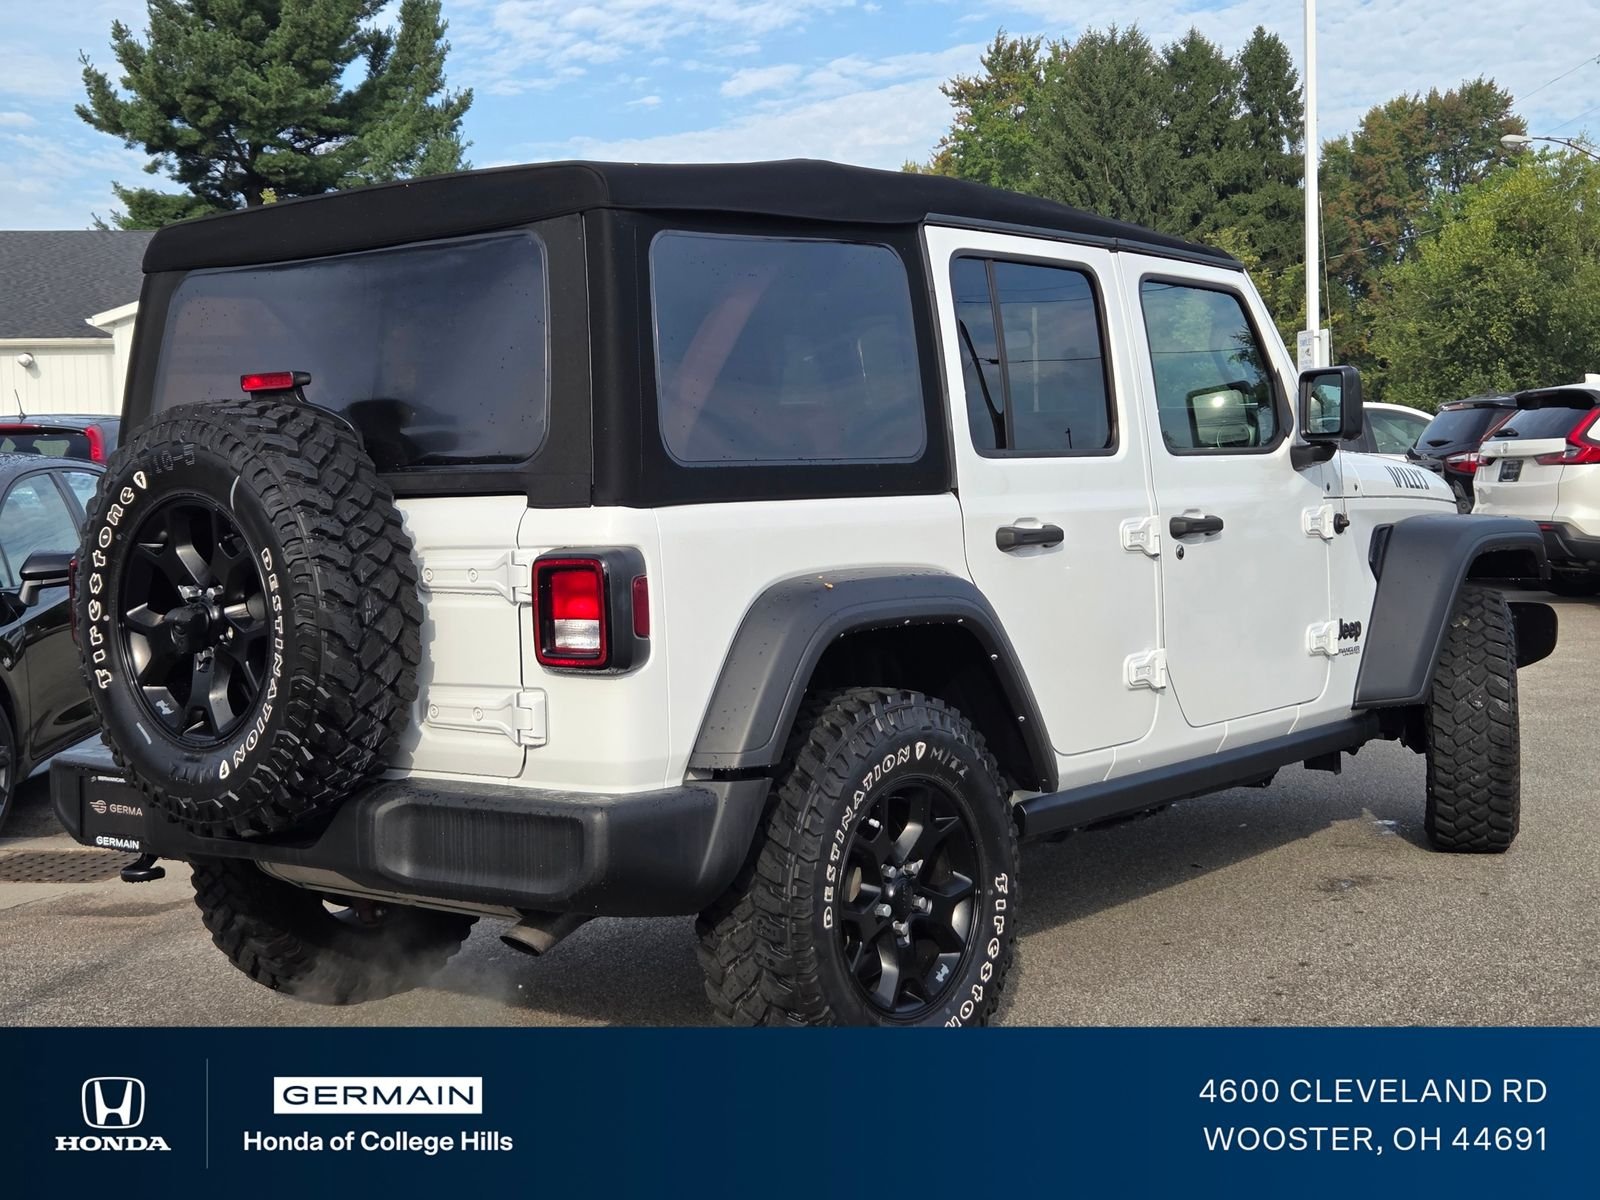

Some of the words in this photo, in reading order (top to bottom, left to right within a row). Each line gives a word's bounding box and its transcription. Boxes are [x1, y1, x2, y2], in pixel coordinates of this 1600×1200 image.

[1384, 465, 1430, 490] WILLYS
[1338, 618, 1361, 642] Jeep
[233, 547, 283, 768] DESTINATION
[109, 803, 143, 816] GERMA
[96, 836, 140, 850] GERMAIN
[823, 745, 910, 928] DESTINATION
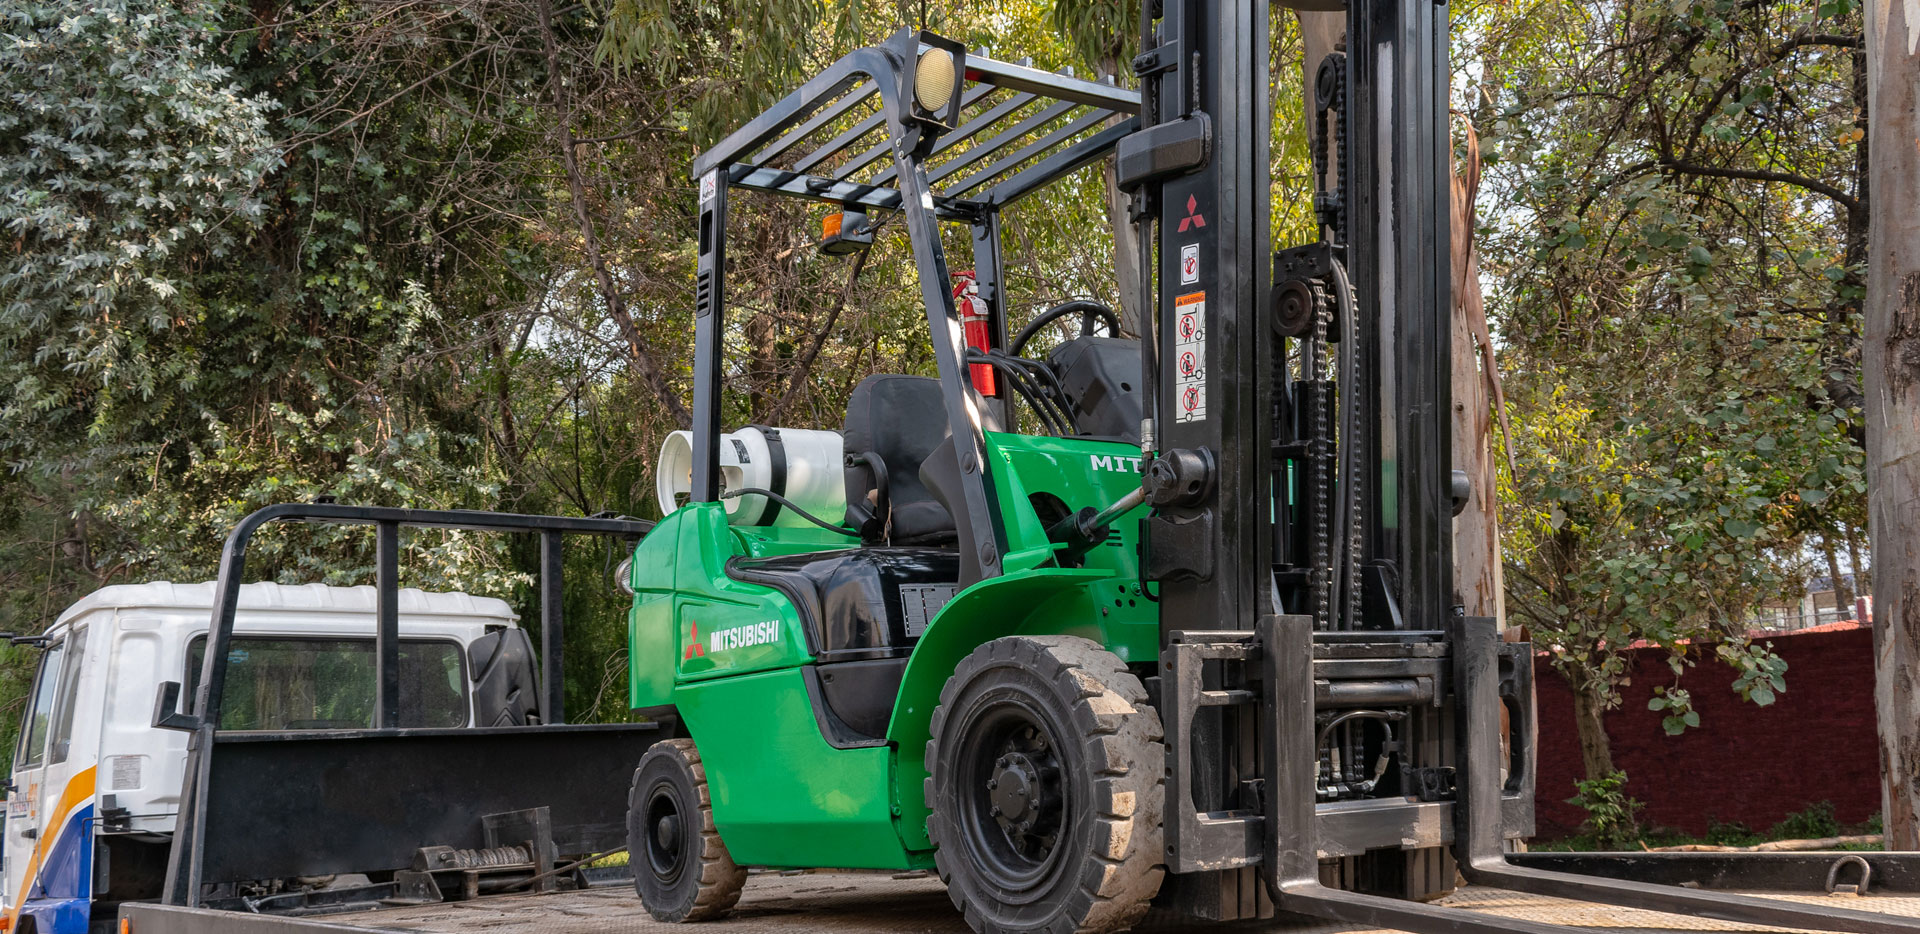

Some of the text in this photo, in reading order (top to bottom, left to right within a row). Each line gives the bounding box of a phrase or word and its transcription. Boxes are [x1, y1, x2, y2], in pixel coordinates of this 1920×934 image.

_____

A word-for-word repetition of the data above, without pictures, is the expected answer.

Some of the words in this photo, in reading order (top to bottom, left to right within a row). Each line gives a word's bounding box and its transcription. Boxes are [x1, y1, x2, y2], in pixel coordinates of this 1600×1200 image.

[1384, 465, 1430, 490] WILLYS
[1338, 618, 1361, 642] Jeep
[233, 547, 283, 768] DESTINATION
[109, 803, 143, 816] GERMA
[96, 836, 140, 850] GERMAIN
[823, 745, 910, 928] DESTINATION

Some of the text in this photo, in reading order (top to bottom, left to right within a row). Each line gives the bounding box of a phrase or word and its transcription. Boxes are [x1, y1, x2, y2], in pixel coordinates of this 1920×934 image.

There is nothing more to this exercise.